Todo tempo um controle gera um evento, o Flex cria um objeto de Evento que contém informações sobre aquele evento, inclusive o tipo de evento e uma referência para o dispatching control. Para usar o objeto de Evento, você especifica-o como um parâmetro na função event listener, como o exemplo seguinte mostra:

import mx.controls.Alert;function myEventListener(e:Event):void {    Alert.show(”An event of type ” + e.type + ” occurred.”);}

Se você quiser acessar o objeto de Evento em um event listener que foi ativado por um inline evento, você deve adicionar o palavra-chave de evento dentro da etiqueta de MXML de forma que o Flex explicitamente passa-o para o listener, como o exemplo seguinte mostra:

<mx:Button label="Click Me" id="button1" click="myInlineListener(event)”/>

Você não obrigado a usar o objeto de Evento em uma função listener. O exemplo seguinte cria duas funçãoes de event listener e registra-os com os eventos de um ComboBox. O primeiro event listener, openEvt(), não pega nenhum argumento. O segundo manipulador de evento, changeEvt(), leva o objeto de Evento como um argumento e usa este objeto para acessar o valor de selectedIndex do ComboBox que disparou o evento.

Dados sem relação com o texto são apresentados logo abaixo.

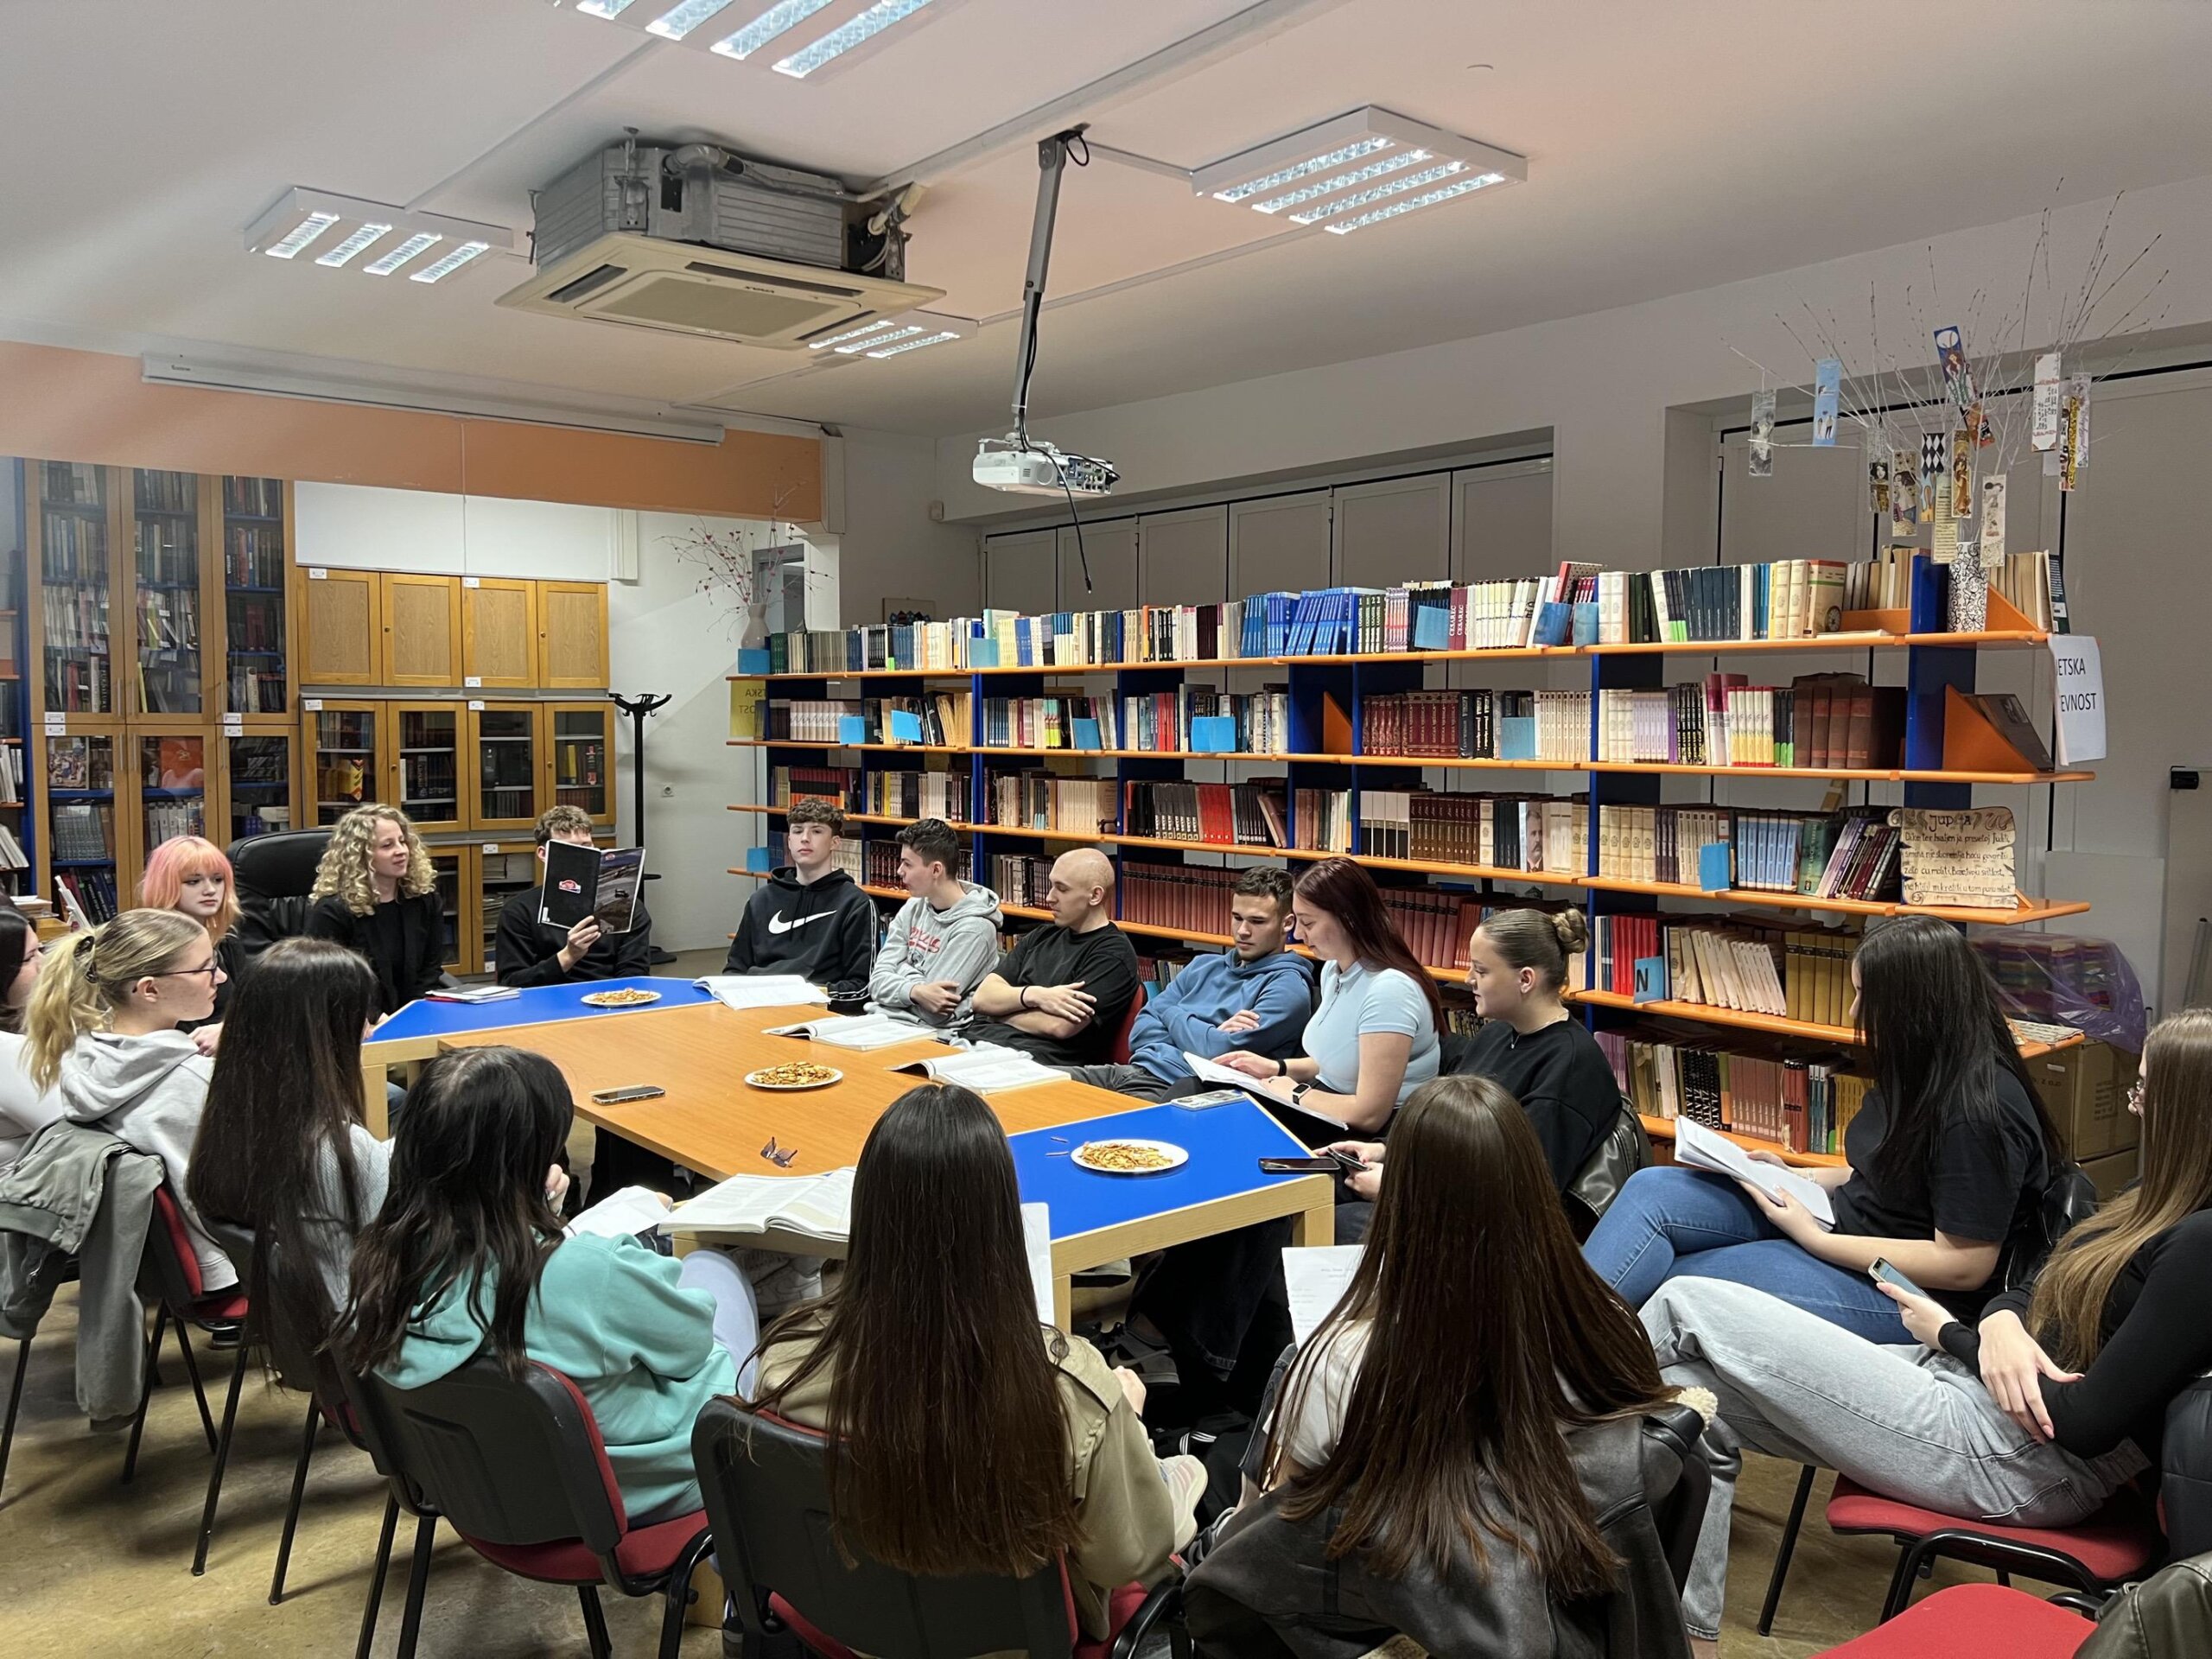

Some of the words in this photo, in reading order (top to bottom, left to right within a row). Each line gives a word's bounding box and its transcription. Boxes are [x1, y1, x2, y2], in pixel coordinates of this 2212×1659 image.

<?xml version="1.0"?><mx:Application xmlns:mx=”http://www.adobe.com/2006/mxml”>    <mx:Script><![CDATA[        function openEvt():void {            forChange.text=”";        }        function changeEvt(e:Event):void {            forChange.text=e.currentTarget.value + ” ” +                e.currentTarget.selectedIndex;        }    ]]></mx:Script>    <mx:ComboBox open=”openEvt()” change=”changeEvt(event)”>        <mx:dataProvider>            <mx:Array>                <mx:String>AK</mx:String>                <mx:String>AL</mx:String>                <mx:String>AR</mx:String>            </mx:Array>        </mx:dataProvider>    </mx:ComboBox>    <mx:TextArea id=”forChange” width=”150″/></mx:Application>

Especificando o objeto Event

Você especifica o objeto na assinatura da função listener como tipo Event, como o exemplo seguinte mostra:

function myEventListener(e:Event):void { … }

Porém, se você quiser acessar propriedades que são específicas para o tipo de evento que foi despachado, você deve ao invés especificar um tipo de evento mais específico, como ToolTipEvent ou KeyboardEvent, como o exemplo seguinte mostra:

import mx.events.ToolTipfunction myEventListener(e:ToolTipEvent):void { … }

Em alguns casos, você precisa importar da classe de Eventos em seu bloco ActionScript.

A maioria de objetos têm eventos específicos que estão associados com eles, e a maior parte deles podem despachar mais de um tipo de evento.

Se você declarar um evento do tipo Event, você pode lança-lo para um tipo mais específico para acessar seu evento-propriedades específicas.

Acessando a propriedade de objeto

Os objetos de evento incluem uma referência para a instância do componente (ou target). Então, você pode acessar todas as propriedades e métodos daquela instância em um event listener. O exemplo seguinte acessa o iD do botão que ativou o evento:

import mx.controls.Alert;function myEventListener(e:Event):void {    Alert.show(”The button ” + e.currentTarget.id +        ” was clicked”);}

Chamando métodos e acessando propriedades na target atual pode ser confuso. O tipo da propriedade currentTarget é DisplayObject. Porque ActionScript é fortemente digitado, você pode chamar event.currentTarget.methodName() só se methodName for um método definido em DisplayObject. O mesmo solicita propriedades. Você pode acessar event.currentTarget.property só se a propriedade é definida em DisplayObject. Se você tentar chamar outro método no currentTarget (por exemplo, o método getStyle()), o Flex retorna um erro. O getStyle() é definido em UIComponent, uma subdivisão de classe de DisplayObject. Então, você deve lançar currentTarget para UIComponent antes de chamar o getStyle(), como o exemplo seguinte mostra:

function myEventListener(e:Event):void {    UIComponent(e.currentTarget).getStyle(”color”);}

Você também pode acessar métodos e propriedades do objeto, que contém uma referência para o nodo atual na lista de exibição. Para mais informações.